For multi-GPU nodes, map ranks to devices:

```cpp
int local_rank = get_local_rank();  // Rank within the node
int device_id = local_rank % device_count;
auto ctx = env.make_world_context(device_id);
```

### NVCC Not on PATH

**Symptom:** CMake error: "Could NOT find CUDA" or `nvcc: command not found`.

**Cause:** The CUDA toolkit is installed but its `bin/` directory is not in PATH.

**Solution:** Add CUDA to PATH:

```bash
export PATH=/usr/local/cuda/bin:$PATH
export LD_LIBRARY_PATH=/usr/local/cuda/lib64:${LD_LIBRARY_PATH}
```

Or pass the NVCC path explicitly to CMake:

```bash
cmake .. -DCMAKE_CUDA_COMPILER=/usr/local/cuda/bin/nvcc
```

---

## NCCL Communicator Creation Failures

### NCCL Not Found

**Symptom:** CMake warning: "NCCL not found" or `has_nccl() == false` at runtime.

**Solution:**

1. Install NCCL: `sudo apt install libnccl2 libnccl-dev`
2. If NCCL is installed to a non-standard location, set the CMake hint:

```bash
cmake .. -DNCCL_ROOT=/path/to/nccl
```

3. Verify at runtime:

```cpp
dtl::environment env(argc, argv);
std::cout << "NCCL available: " << env.has_nccl() << "\n";
```

### Single-GPU Testing

**Note:** NCCL supports single-GPU testing for correctness verification. Multiple MPI ranks share the same GPU, and NCCL uses shared memory transport between them. This does NOT test multi-GPU performance paths.

```bash
# Correctness test with 2 ranks on 1 GPU
mpirun -np 2 ./test_nccl_collectives
```

---

## Deadlocks in Collective Operations

### Mismatched Collective Calls

**Symptom:** Program hangs indefinitely at a collective operation (reduce, barrier, allgather, etc.).

**Cause:** Not all ranks participate in the collective, or ranks call different collectives.

**Example of the bug:**

```cpp
// DEADLOCK: only rank 0 calls reduce
if (ctx.rank() == 0) {
    auto result = dtl::reduce(vec, 0.0, std::plus<>{});  // Hangs!
}
```

**Solution:** Collective operations must be called by ALL ranks in the communicator:

```cpp
// CORRECT: all ranks participate
auto result = dtl::reduce(vec, 0.0, std::plus<>{});
if (ctx.rank() == 0) {
    std::cout << "Result: " << result << "\n";
}
```

### Barrier Placement Errors

**Symptom:** Data corruption or stale values after a collective.
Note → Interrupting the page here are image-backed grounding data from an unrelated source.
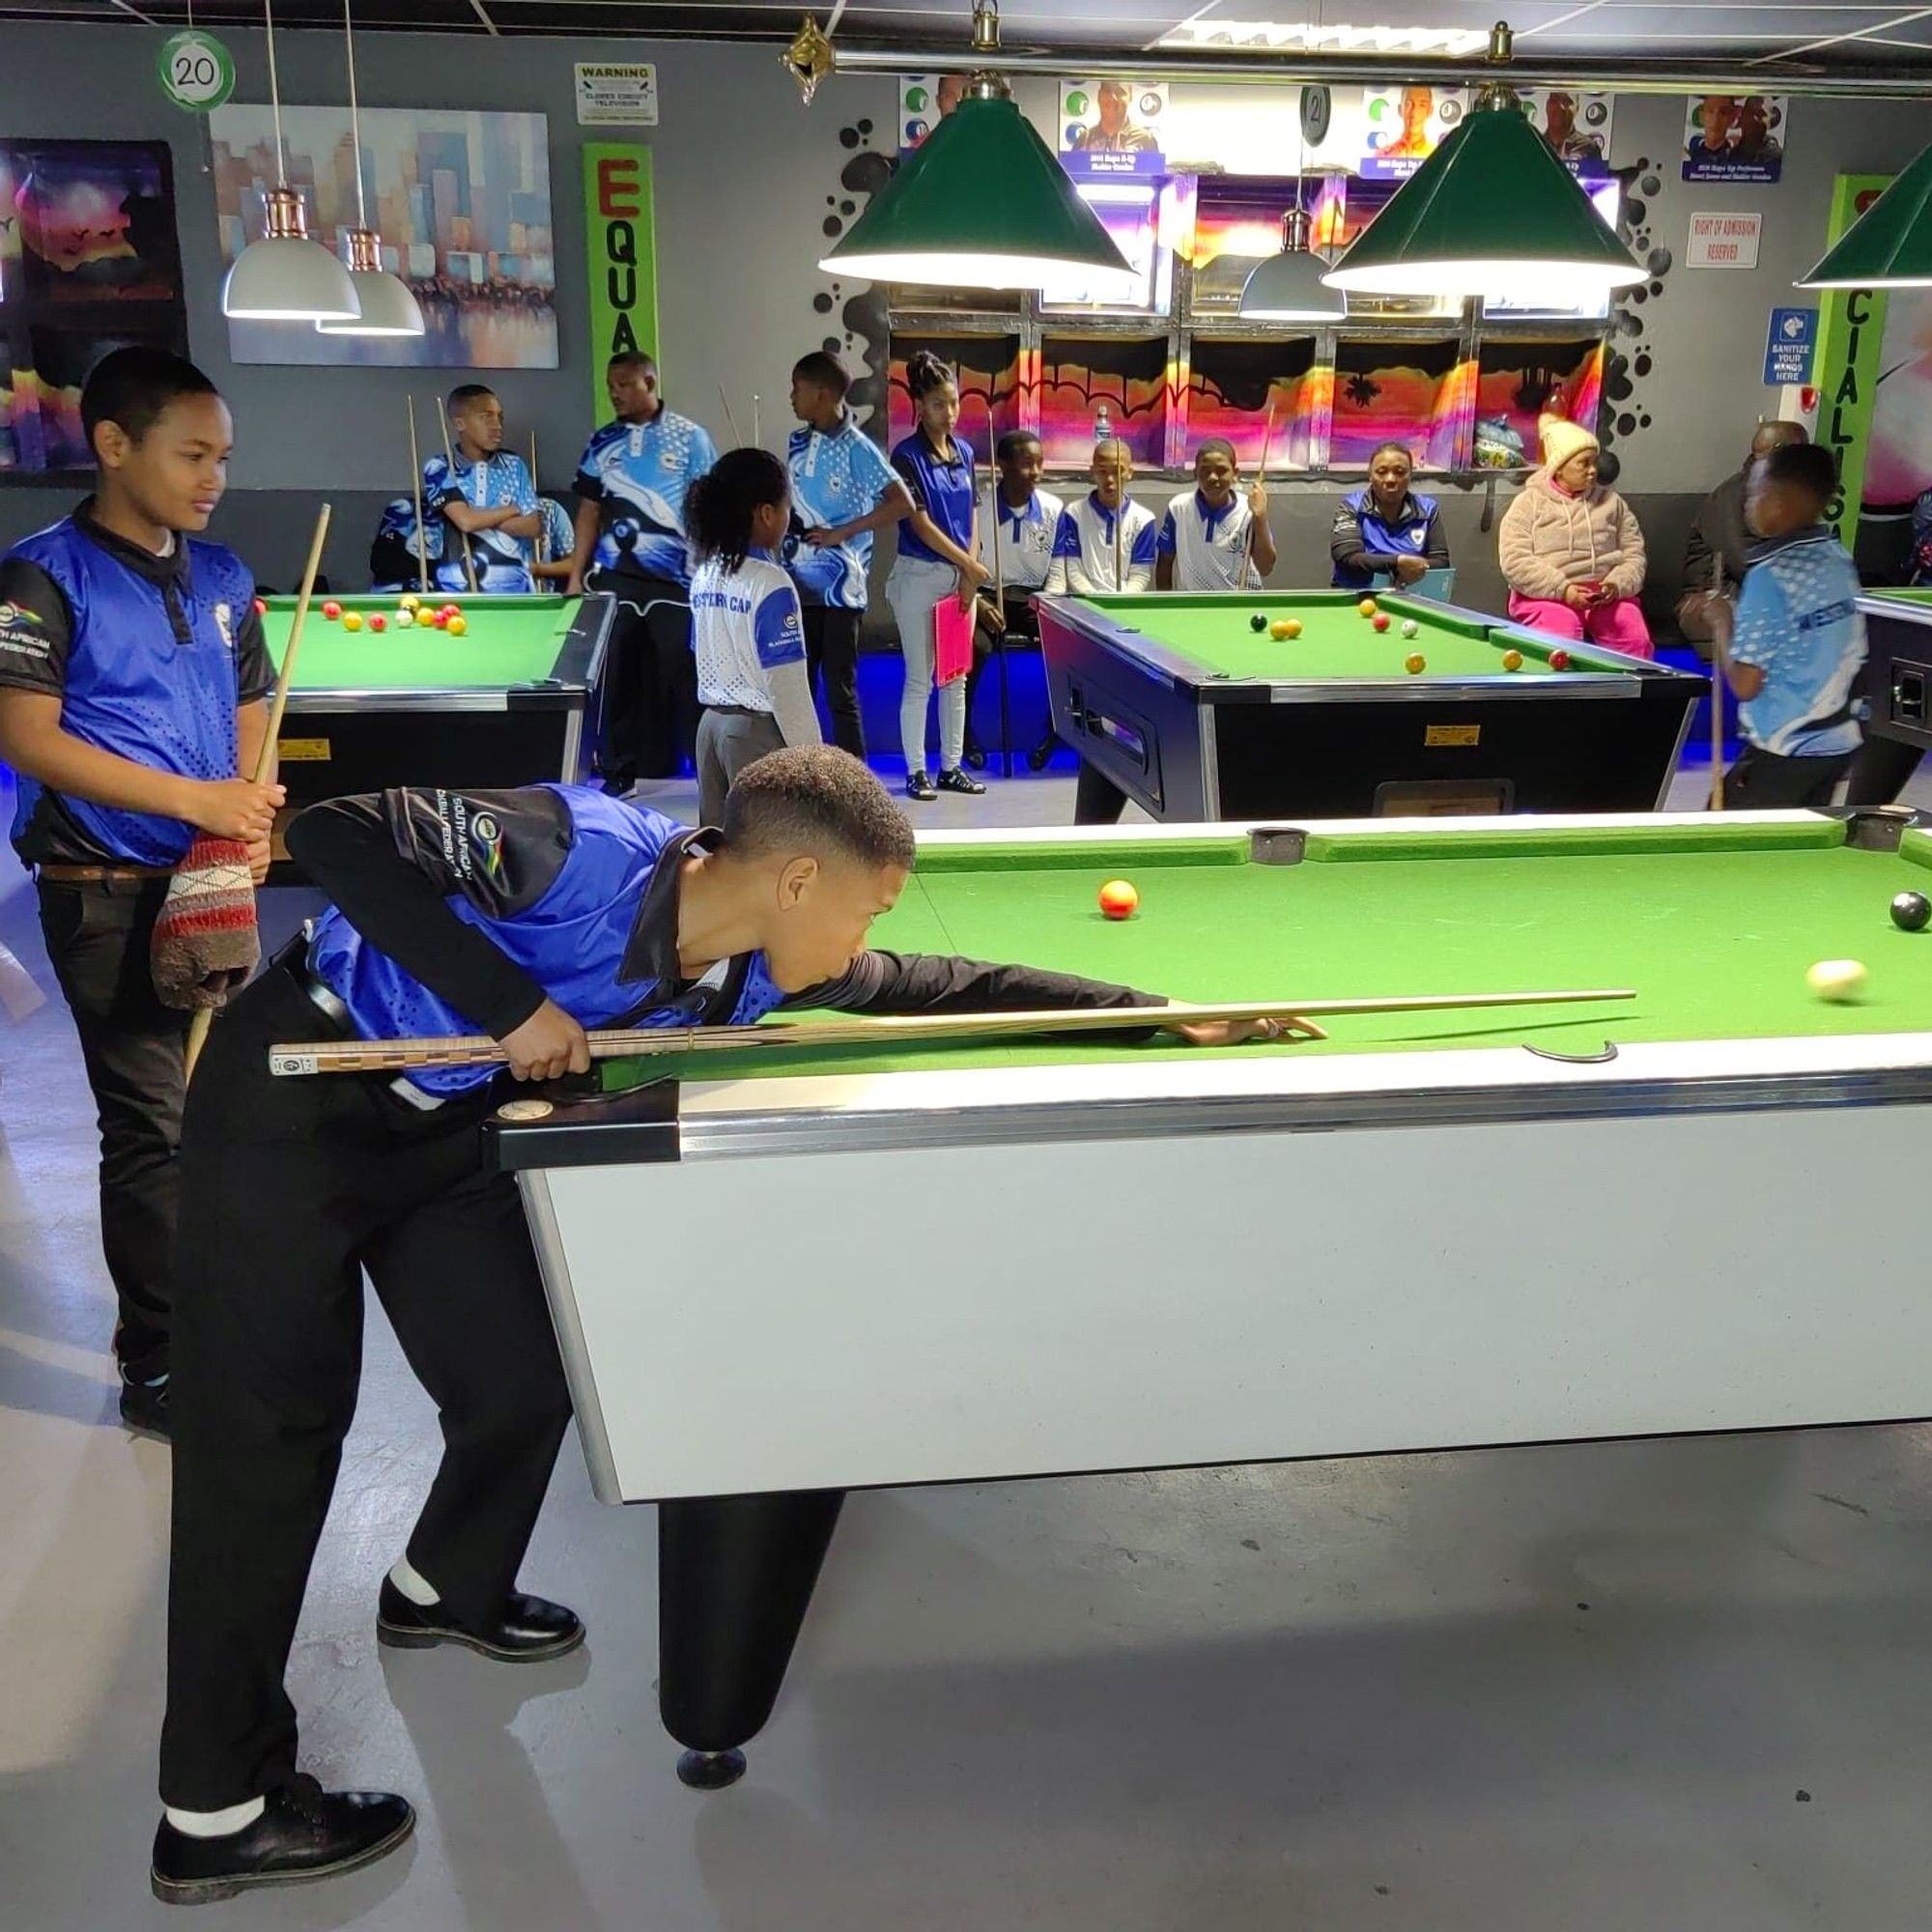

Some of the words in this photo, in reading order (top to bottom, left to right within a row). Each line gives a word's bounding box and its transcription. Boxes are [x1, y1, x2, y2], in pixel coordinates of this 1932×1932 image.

[176, 57, 215, 86] 20
[582, 68, 649, 78] WARNING
[1694, 219, 1714, 236] RIGHT
[1723, 219, 1757, 237] ADMISSION
[1707, 243, 1739, 261] RESERVED
[1772, 344, 1811, 355] SANITIZE
[1778, 354, 1802, 362] YOUR
[1776, 372, 1800, 382] HERE
[453, 797, 468, 835] SOUTH
**Cause:** Missing barrier between write and read phases.

```cpp
auto local = vec.local_view();
for (auto& x : local) x = compute(x);

// Missing barrier! Other ranks may not be done writing yet
auto result = dtl::reduce(vec, 0.0, std::plus<>{});  // May read stale data
```

**Solution:** Insert a barrier when needed between phases:

```cpp
auto local = vec.local_view();
for (auto& x : local) x = compute(x);

vec.barrier();  // Ensure all ranks finish writing

auto result = dtl::reduce(vec, 0.0, std::plus<>{});
```

Note: Many DTL collective algorithms include an implicit barrier. Check the algorithm documentation.
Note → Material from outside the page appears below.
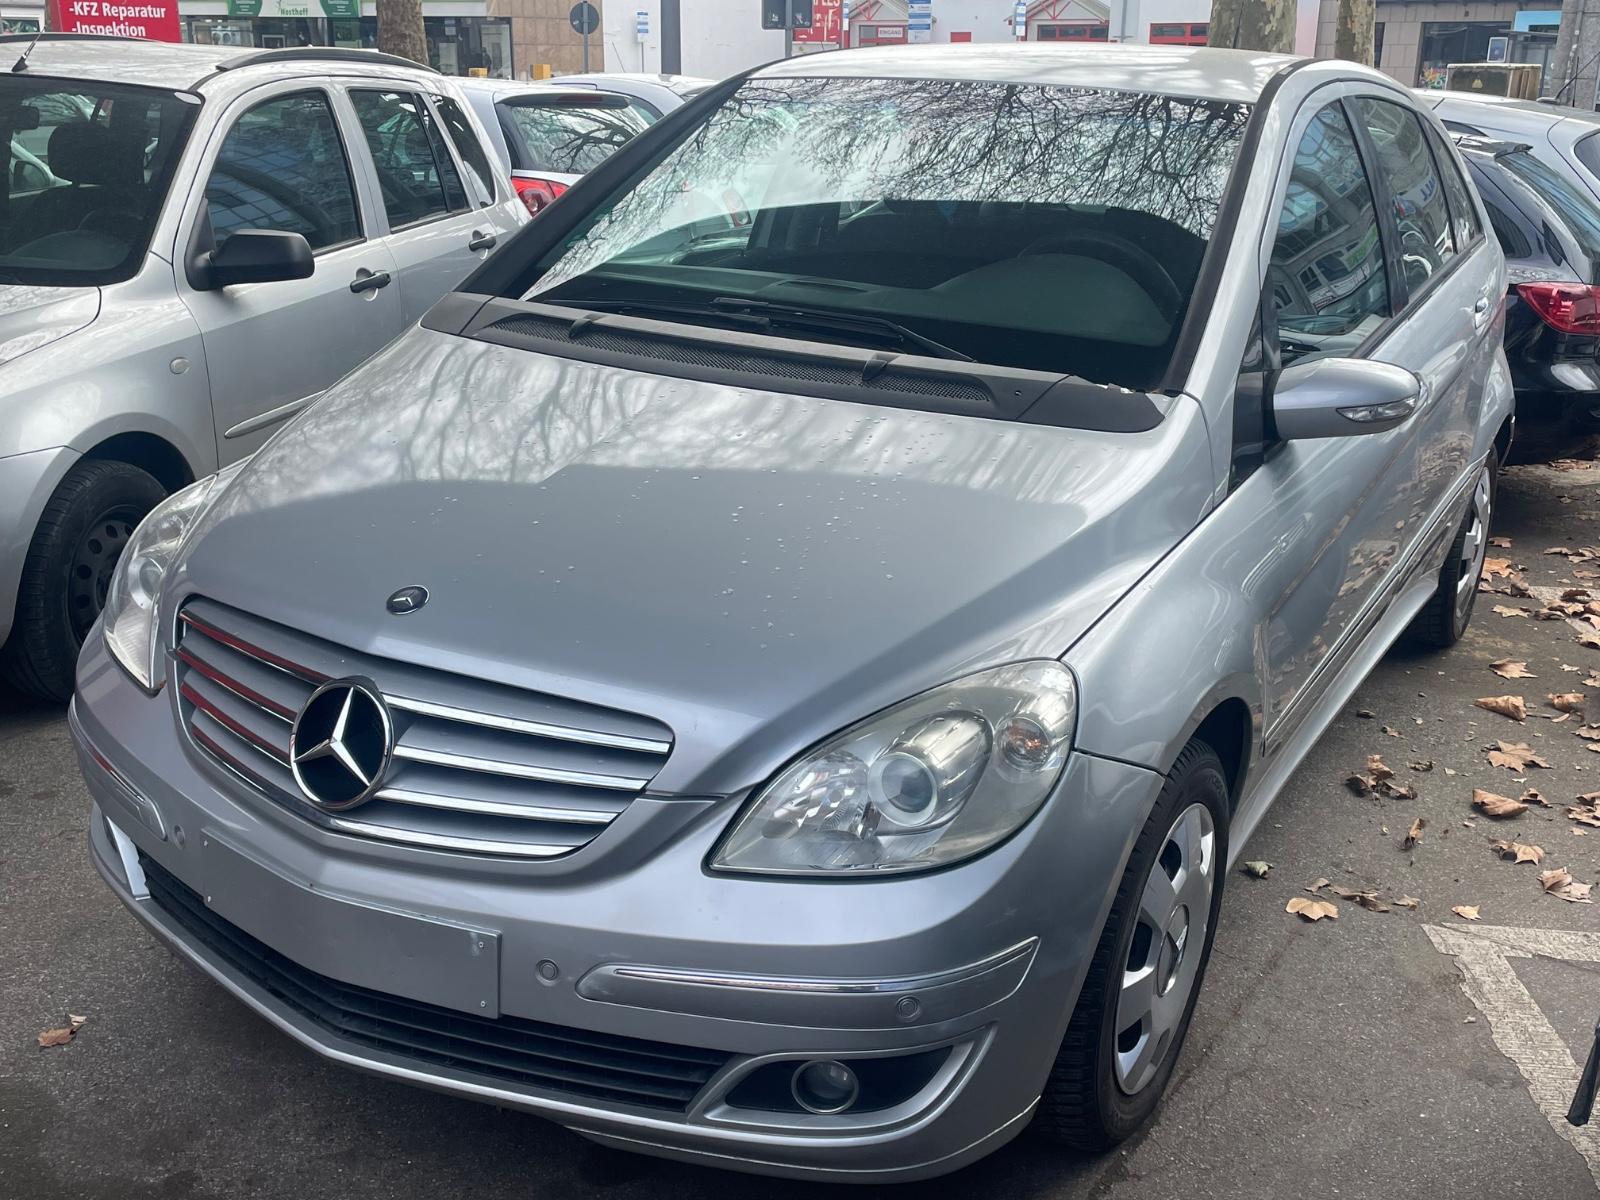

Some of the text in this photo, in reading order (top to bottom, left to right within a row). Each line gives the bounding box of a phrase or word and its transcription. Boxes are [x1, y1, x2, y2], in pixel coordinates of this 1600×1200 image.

[69, 2, 166, 21] -KFZ Reparatur
[72, 21, 146, 37] -Inspektion
### Conditional Collective Calls

**Symptom:** Deadlock when a collective is inside a conditional that evaluates differently on different ranks.

```cpp
// DEADLOCK: condition may differ across ranks
if (local_error_detected) {
    dtl::reduce(error_counts, 0, std::plus<>{});  // Not all ranks reach this
}
```

**Solution:** Move the collective outside the conditional, or ensure the condition is the same on all ranks:

```cpp
// CORRECT: all ranks participate, then check locally
auto total_errors = dtl::reduce(error_counts, 0, std::plus<>{});
if (total_errors > 0) {
    handle_errors();
}
```

---

## Futures Timeout Diagnostics

### Future Never Completes

**Symptom:** `future.get()` blocks indefinitely or `future.is_ready()` never returns true.

**Possible causes:**

1. **Missing progress:** The underlying async operation needs polling to complete.
2. **Deadlocked collective:** The async operation wraps a collective that deadlocked.
3. **MPI progress issue:** MPI non-blocking operations need `MPI_Test` or `MPI_Wait` calls.

**Solution:**

```cpp
auto future = dtl::async_reduce(vec, 0.0, std::plus<>{});

// Ensure progress is being made
while (!future.is_ready()) {
    dtl::futures::progress_engine::instance().poll();

    // Add a timeout for debugging
    static int iterations = 0;
    if (++iterations > 1000000) {
        std::cerr << "WARNING: future not completing after 1M polls\n";
        break;
    }
}
```

### Progress Engine Not Polled

**Symptom:** Async operations appear to hang, but the progress engine is never polled.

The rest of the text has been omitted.